# Activity:
Transcribe, starting at the line with "this 1445×1284 image." and ending at the line with "Some of the text", every line of the material below exactly, but leave out the pictures and anything outside that span.

# Records for this task:
# # # # # # #

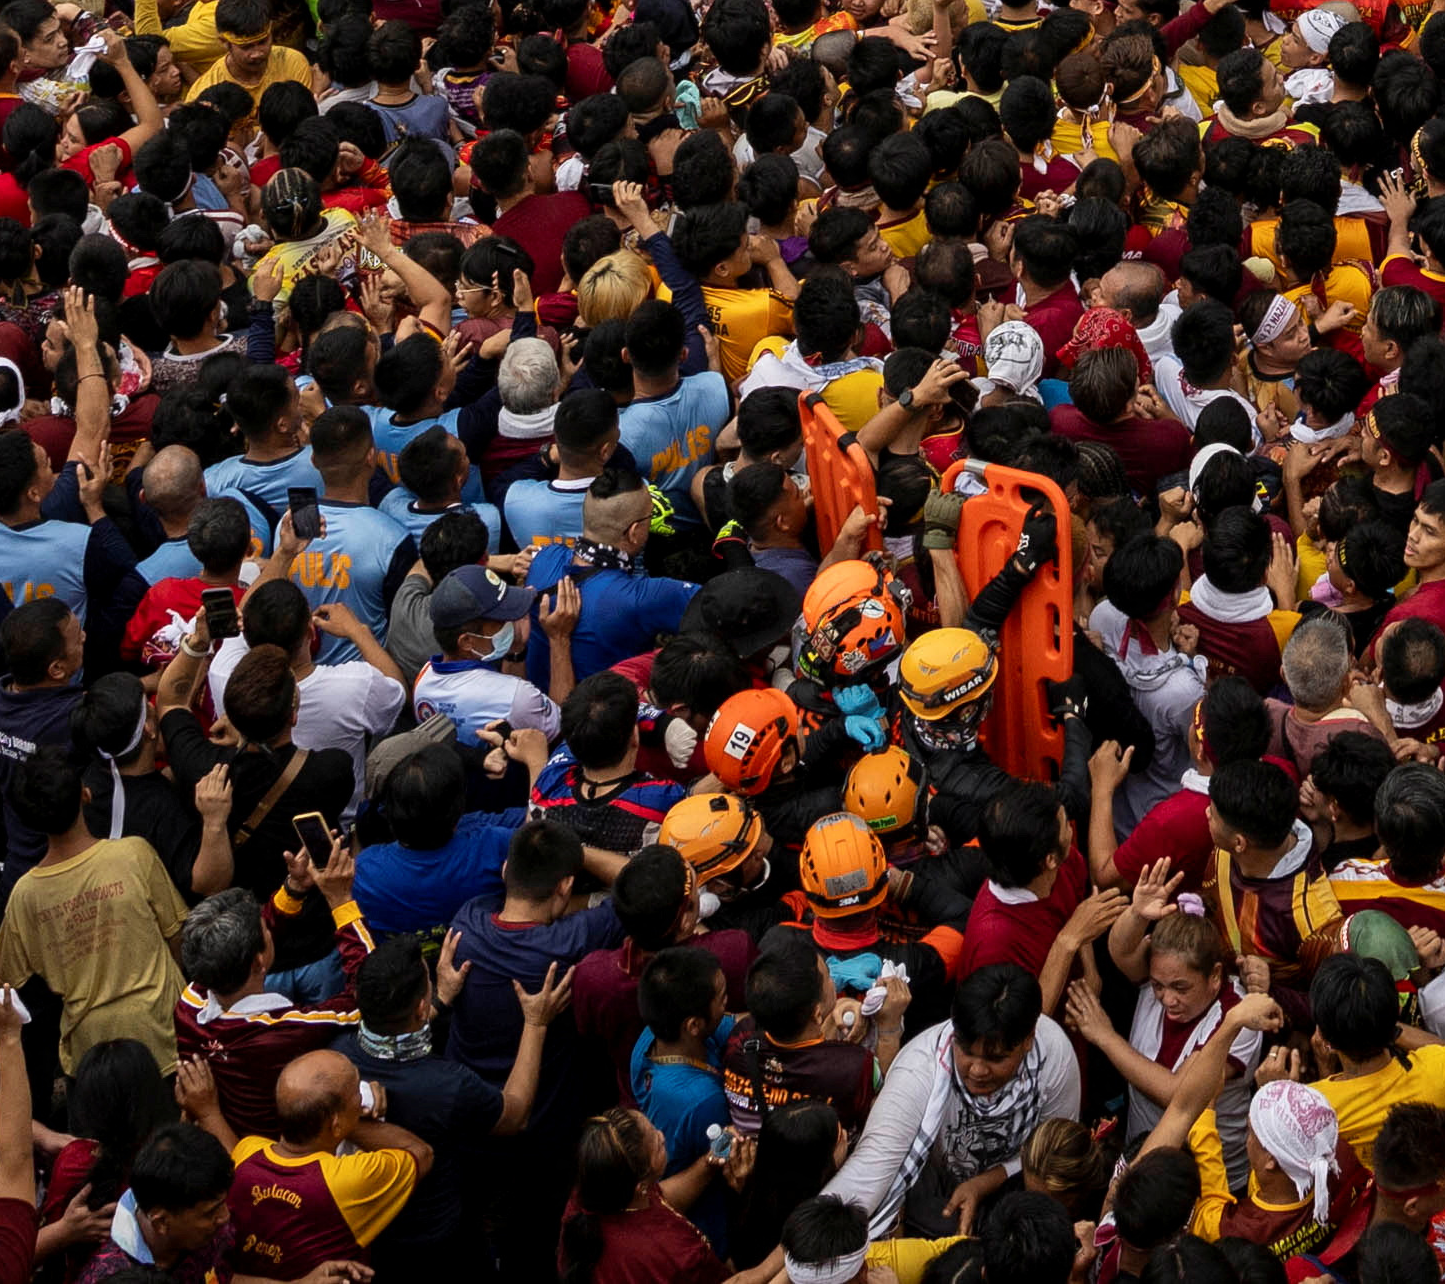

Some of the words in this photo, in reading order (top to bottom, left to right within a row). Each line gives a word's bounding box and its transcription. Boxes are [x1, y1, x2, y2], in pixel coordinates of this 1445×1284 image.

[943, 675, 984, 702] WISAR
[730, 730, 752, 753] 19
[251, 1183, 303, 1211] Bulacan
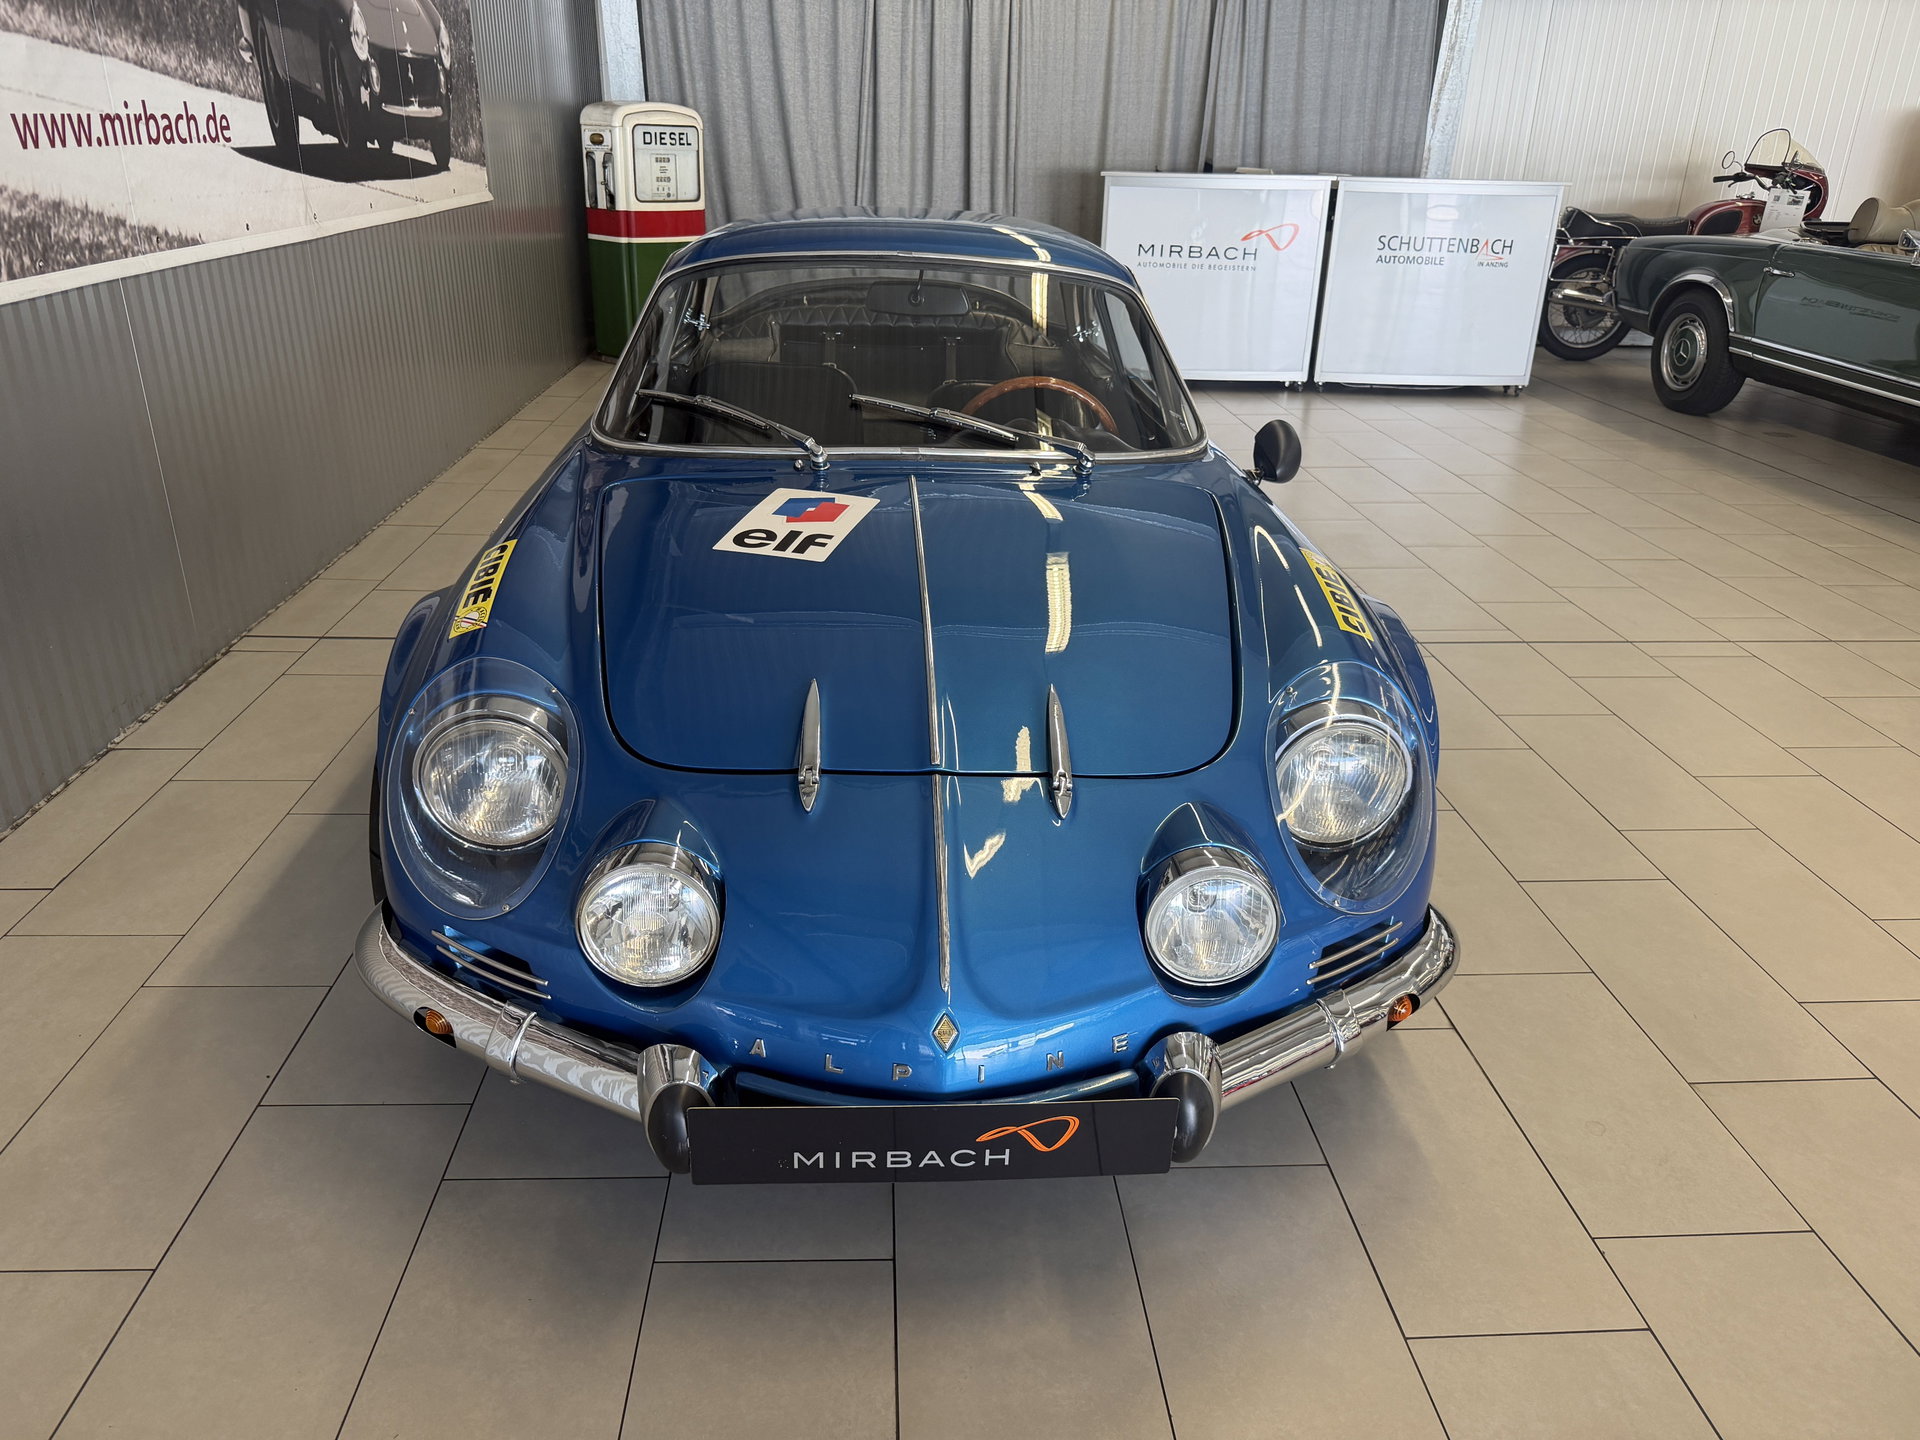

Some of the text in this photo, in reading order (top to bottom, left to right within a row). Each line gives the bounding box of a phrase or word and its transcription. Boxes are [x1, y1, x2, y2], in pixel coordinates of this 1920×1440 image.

# # # # # # #

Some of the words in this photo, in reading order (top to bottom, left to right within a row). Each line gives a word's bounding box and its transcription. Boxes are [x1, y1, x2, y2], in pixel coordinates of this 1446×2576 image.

# # # # # # #

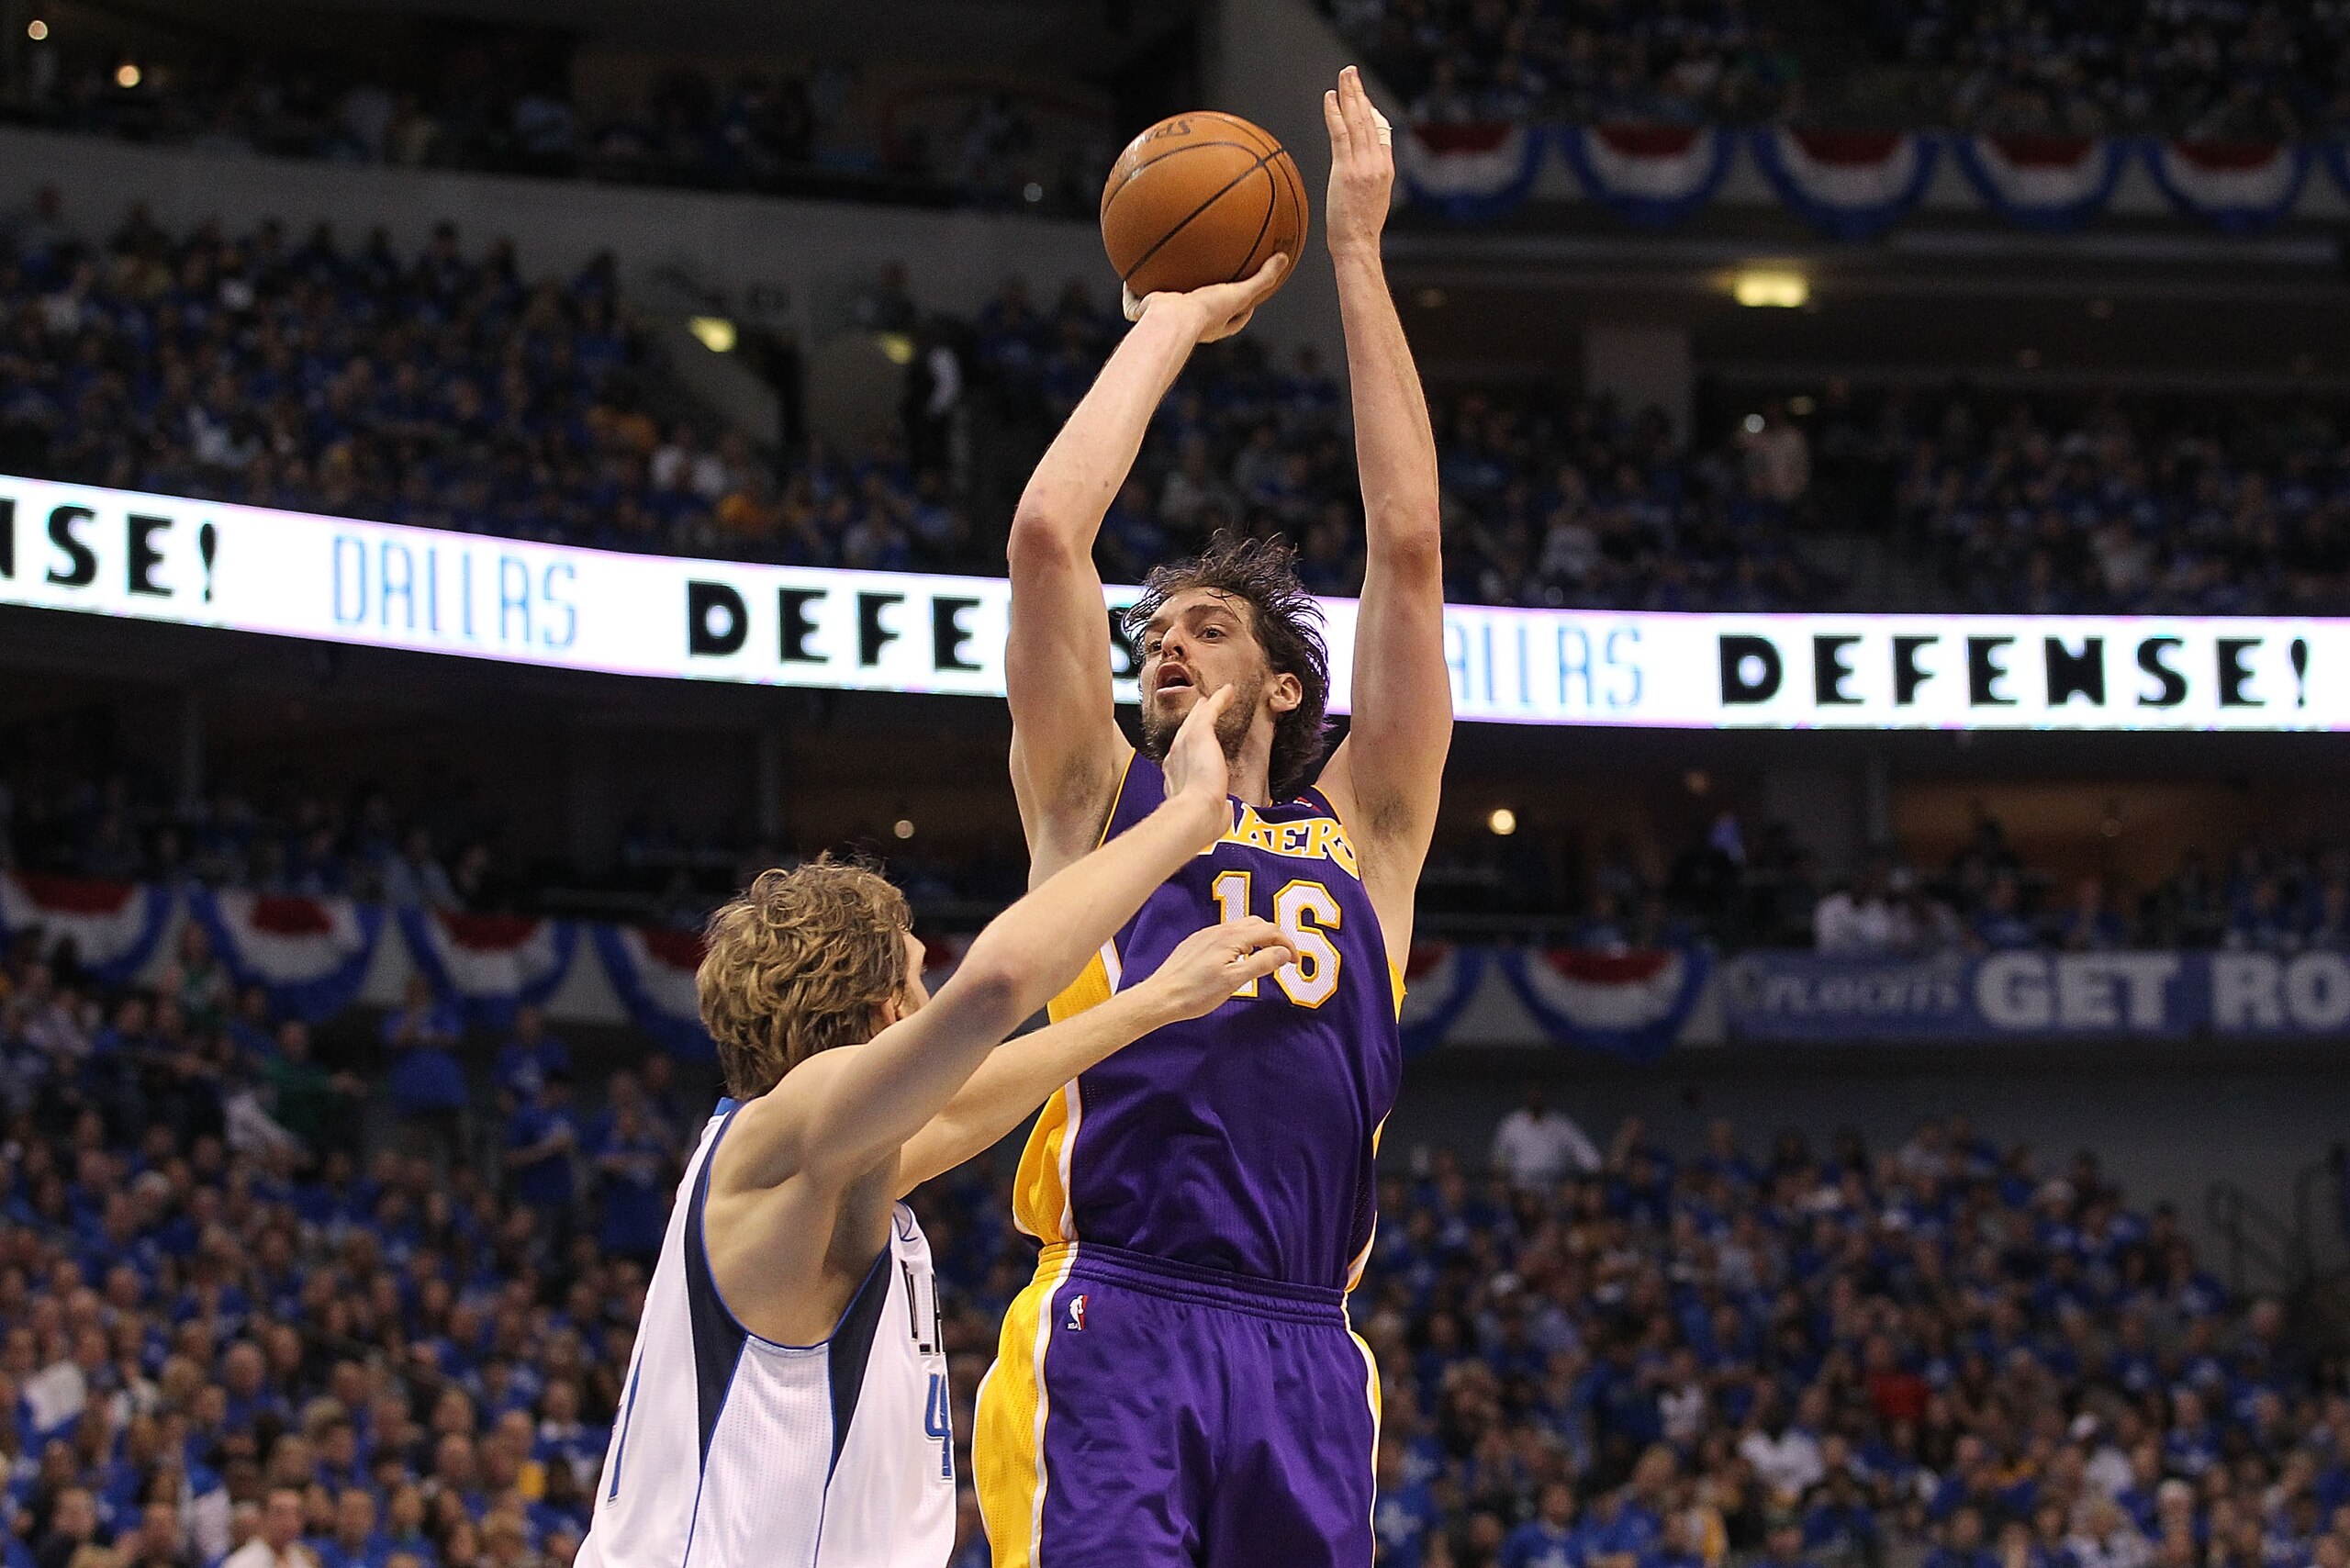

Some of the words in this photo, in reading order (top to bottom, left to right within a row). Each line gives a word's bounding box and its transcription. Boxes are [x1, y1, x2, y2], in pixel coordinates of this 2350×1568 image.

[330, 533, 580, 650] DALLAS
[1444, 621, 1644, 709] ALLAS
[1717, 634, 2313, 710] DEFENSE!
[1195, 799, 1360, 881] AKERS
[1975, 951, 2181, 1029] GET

# # # # # # #

# Response below:
Some of the words in this photo, in reading order (top to bottom, left to right within a row). Each line gives a word's bounding box and its transcription. Boxes are [x1, y1, x2, y2], in pixel coordinates of this 1445×1284 image.

[943, 675, 984, 702] WISAR
[730, 730, 752, 753] 19
[251, 1183, 303, 1211] Bulacan

Some of the text in this photo, in reading order (top to bottom, left to right within a row). Each line gives the bounding box of a phrase or word and its transcription. Boxes are [x1, y1, x2, y2], in pixel coordinates of this 1920×1440 image.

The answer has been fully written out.